1 The patient gradually
becomes progressively impaired in both cognitive and
functional capacities. The loss of intellectual abilities
is of sufficient severity to interfere with social and
occupational functioning.
Memory destroying illness
The sensory experiences received by the human
brain are processed and stored as memory. This
information is recalled in an integrated fashion at an
appropriate time. Memory fades in Alzheimer’s disease
and often it is compared to the erasure of a computer
hard disk. Initially it involves failure to recall the recent
events though the person is able to recollect the events
that had taken place long ago. As the illness progresses,
the old memory also gets disappeared and ultimately
the patient fails to recognize the near and dear. This
memory destroying illness is associated with loss of
a lifetime memories that make up the identity of the
person.
Pathological process
AD is associated with destruction of more than
100 billion neurons and their associated 100 trillion
connections. There is progressive loss of cortical
neurons and formation of amyloid plaques, intraneuronal
neurofibrillary tangles and accumulation of a beta-
amyloid in arterial walls of cerebral blood vessels
(amyloid angiopathy).
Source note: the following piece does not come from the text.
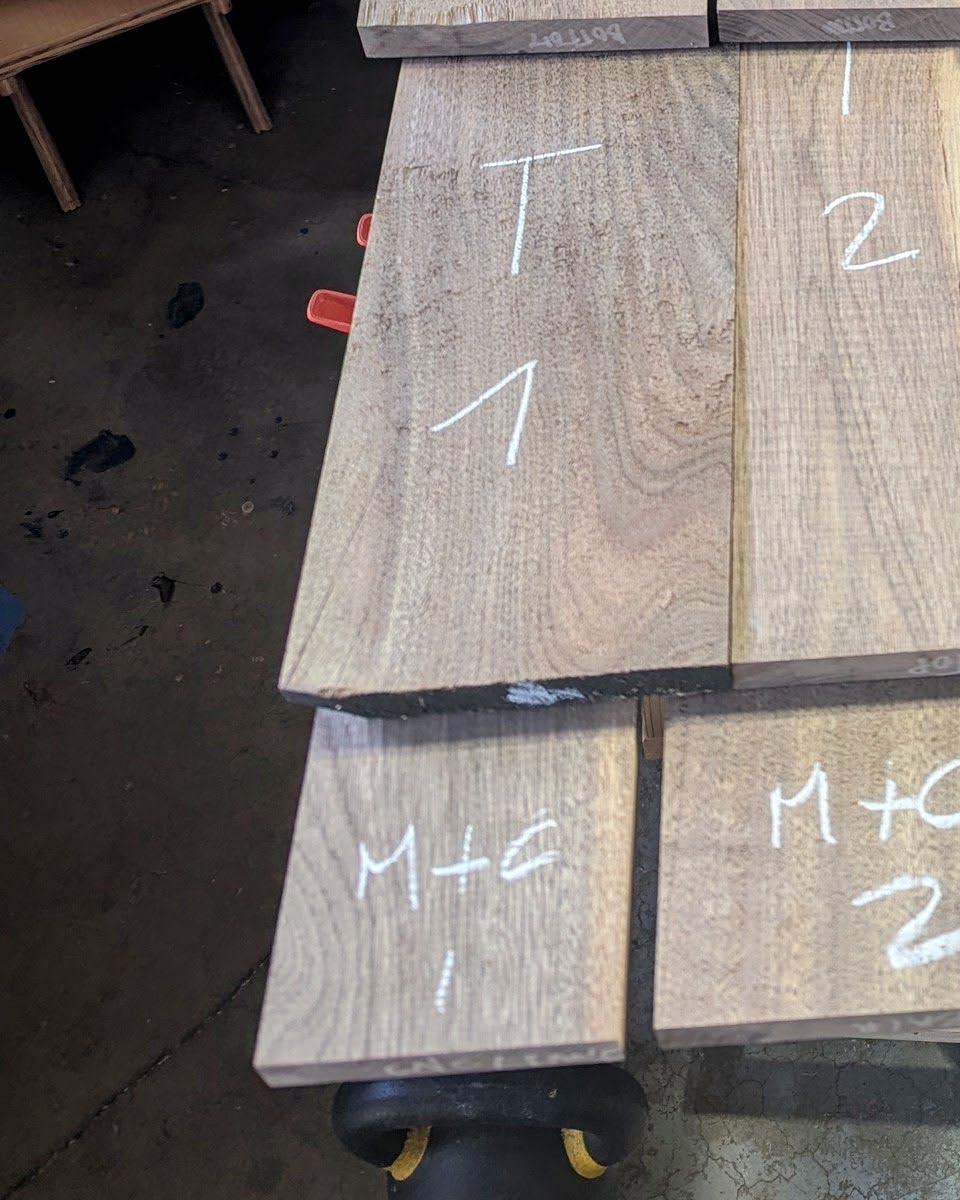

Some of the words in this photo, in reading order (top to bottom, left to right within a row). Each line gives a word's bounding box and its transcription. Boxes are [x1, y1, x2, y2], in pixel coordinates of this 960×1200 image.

[480, 144, 602, 275] T
[822, 191, 920, 271] 2
[430, 359, 538, 466] 1
Beta-amyloid is the major
component of the plaques, whereas hyperphosphorylated
tau protein is the major constituent of the neurofibrillary
tangles. The pathological process of atrophy begins in
the hippocampus and spreads to involve diffuse areas
of temporal, parietal and frontal lobes of the cerebral
cortex. There is symmetric enlargement of the third
and fourth ventricles. The loss of neurons, especially
in the nucleus basilis causes a relative deficiency of
acetylcholine to result in different clinical manifestations.
Cholinesterase inhibitors
The neurotransmitter acetylcholine is necessary
for clear thinking. It gets destroyed by the enzyme
acetylcholinesterase (ChE). Since acetylcholine
deficiency has been observed in AD, ChE inhibitors
have been used to block the action of ChE so as to
increase the cerebral concentration of acetylcholine
essential for synaptic transmission. Donepezil,
rivastigmine and galantamine (ChE inhibitors) facilitate
an increase in the level of acetylcholine.
2
These agents
show improvement in global function and reduce
cognitive disturbances. There is reduction in behavioural
disturbances and temporary stabilization of activities
of daily living.
3 As the destruction of the neurons
proceeds relentlessly, the medications become ineffective
after some time.
Mementine
The symptoms of AD are thought to be due to
persistent activation of central nervous system N-
methyl-D-aspartate (NMDA) receptors by the amino
acid glutamate. Glutamate acts as the main excitatory
neurotransmitter substance. Memantine, an NMDA
receptor antagonist acts either by interfering with
glutamate excitotoxicity or by providing symptomatic
improvement through effects on functions of hippocampal
neurons.
4 Though it slows the cognitive decline in mild-
to moderate AD, its effects also do not last long.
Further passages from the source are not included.